Monday, Jun. 23, 1930

Diving Ball

If Earth were scaled down to the size of an ordinary library globe, the height to which man has ascended from it (43,166 ft.) would about equal the coating of shellac on the sphere. The greatest depth to which he has descended would about equal the thickness of the map paper. On the water-covered portion (7/10) he would have penetrated only a fractional part of the paper.

Last week word came from the William Beebe expedition to Nonsuch, "most beautiful" island in the Bermuda group, that they had made deeper incursions into the sea than man had ever made before.

Seated in a steel sphere Explorer Beebe and Otis Barton, inventor, dropped 1,426 ft. into the sea, 1,076 ft. deeper than the record. On the sphere's outer surface was fastened a dead fish. Through thick windows of fused quartz the divers could peer out at deep sea creatures, lured near by the fish bait, never before seen by man in their natural state. So great was the depth that only the blue and violet rays of the sun's spectrum penetrated, yet the submarine scene seemed brilliantly lighted compared to the gloom of the diving chamber when its electric bulb was turned off.

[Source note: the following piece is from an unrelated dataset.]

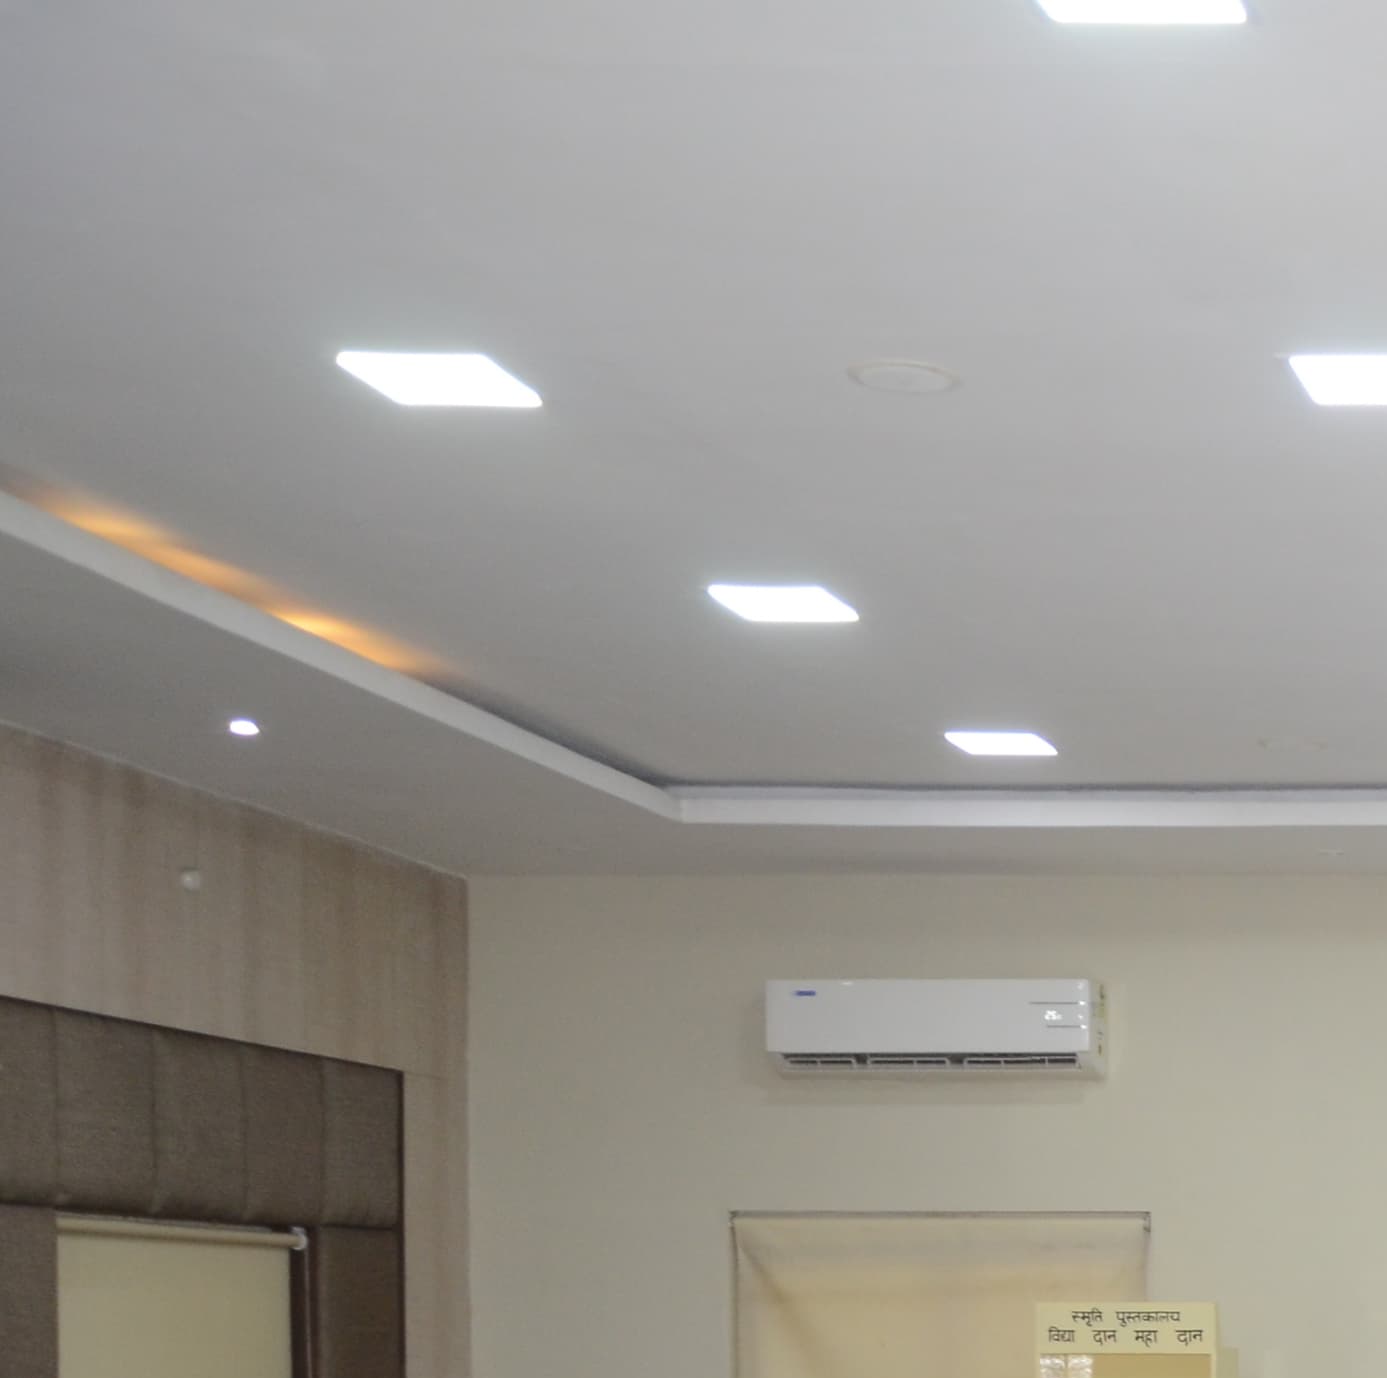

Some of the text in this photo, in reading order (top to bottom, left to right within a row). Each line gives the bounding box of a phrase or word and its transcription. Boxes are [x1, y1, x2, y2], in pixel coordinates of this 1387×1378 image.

[1071, 1308, 1103, 1326] स्मृति
[1048, 1326, 1204, 1347] विद्या दान महा दान

Inventor Otis Barton--Harvard graduate (1922), onetime Paris art student, African big game hunter--last year de-signed and built a diving ball which proved too heavy for any practical hoisting equipment. The present, successful model weighs two tons. The diving "bell" de-signed and operated in the Mediterranean with some success by Inventor Hans Hartman (TIME, Aug. 24, 1925) is cylindrical in shape with a rounded top, stabilizing propellers and a detachable sinker to be dropped in case of trouble. Barton's diving ball presents a minimum surface relative to content, hence has less pressure to withstand. Added virtue: all the stresses are uniform.

Locale of Explorer Beebe's present proj-ect (to build up a picture of sea life in strata to a great depth) is a great well in the sea five miles south of Nonsuch. Over the well, a mile deep and eight miles in diameter, the tug Gladisfen cruises about. From a trailing drag line which scrapes the bottom, nets are strung to capture specimens in strata 100 fathoms apart.